Health News #6: Glucose & Frustose, Fast Not Starve, Vitamin D & Prescription Drugs
Glucose & Frustose
Glucose and fructose stand out as the main contributors to ill health and the global overfat pandemic. These sugars are the two most commonly added to junk food and drinks such as soda.
Glucose has direct and powerful effect on insulin, which converts 40-50 percent of consumed sugar into stored fat and encourages body fat to be redeposited in the abdomen.
Fructose can affect health in different ways compared to glucose, in addition harm the liver and worsen cardiac health by raising triglycerides.
These sugars are consumed at very high levels globally as they are added to most packaged and junk foods.
Both glucose and fructose are also added to most packaged foods like tomato sauce, mayonnaise and yogurt. Added sugars, not fat, are the main reason people consume more calories. Together with its metabolic effects, including conversion of up to 50 percent into stored fat, sugar may be the primary contributor of the global overfat pandemic.
Overconsumption of fructose can cause the same health problems as excessive alcohol, including increased blood pressure, abnormal cholesterol and triglyceride levels, insulin resistance, liver dysfunction, along with the most common one associated with glucose — increased body fat.

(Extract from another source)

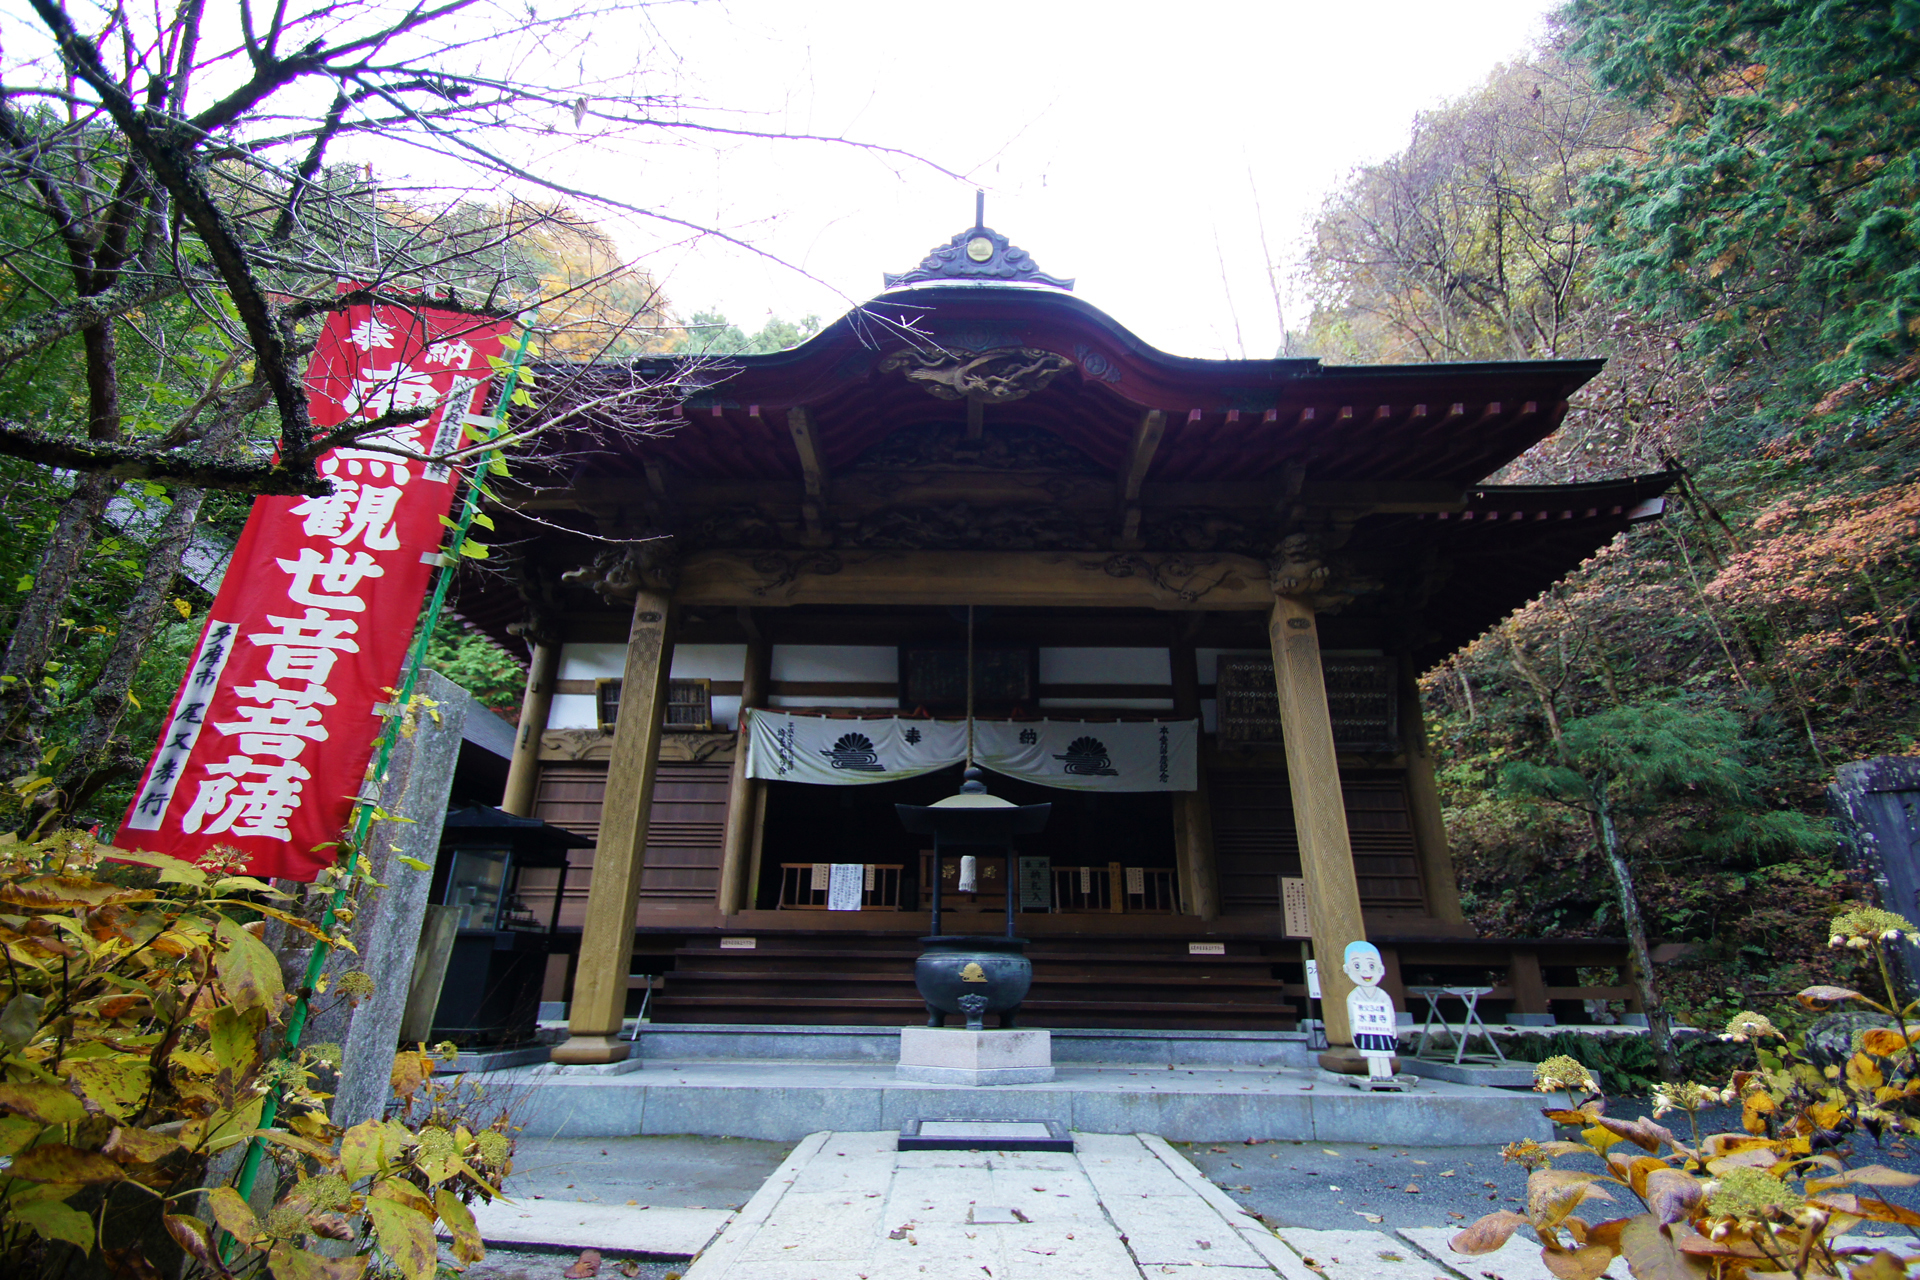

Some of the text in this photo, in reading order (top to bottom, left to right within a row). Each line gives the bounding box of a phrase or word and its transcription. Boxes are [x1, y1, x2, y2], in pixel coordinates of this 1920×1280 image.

Unlike glucose, fructose is converted to fat in the liver. This raises blood levels of triglycerides leading to added fat deposits in the abdomen and muscles, even more than glucose. While fructose may not stimulate insulin like glucose, it can still lead to insulin resistance, impaired glucose tolerance, and hyperinsulinemia.
Increased caloric intake associated with the overfat pandemic is significantly due to fructose calories in soft drinks. Sugar-sweetened beverages are usually high in fructose in the U.S.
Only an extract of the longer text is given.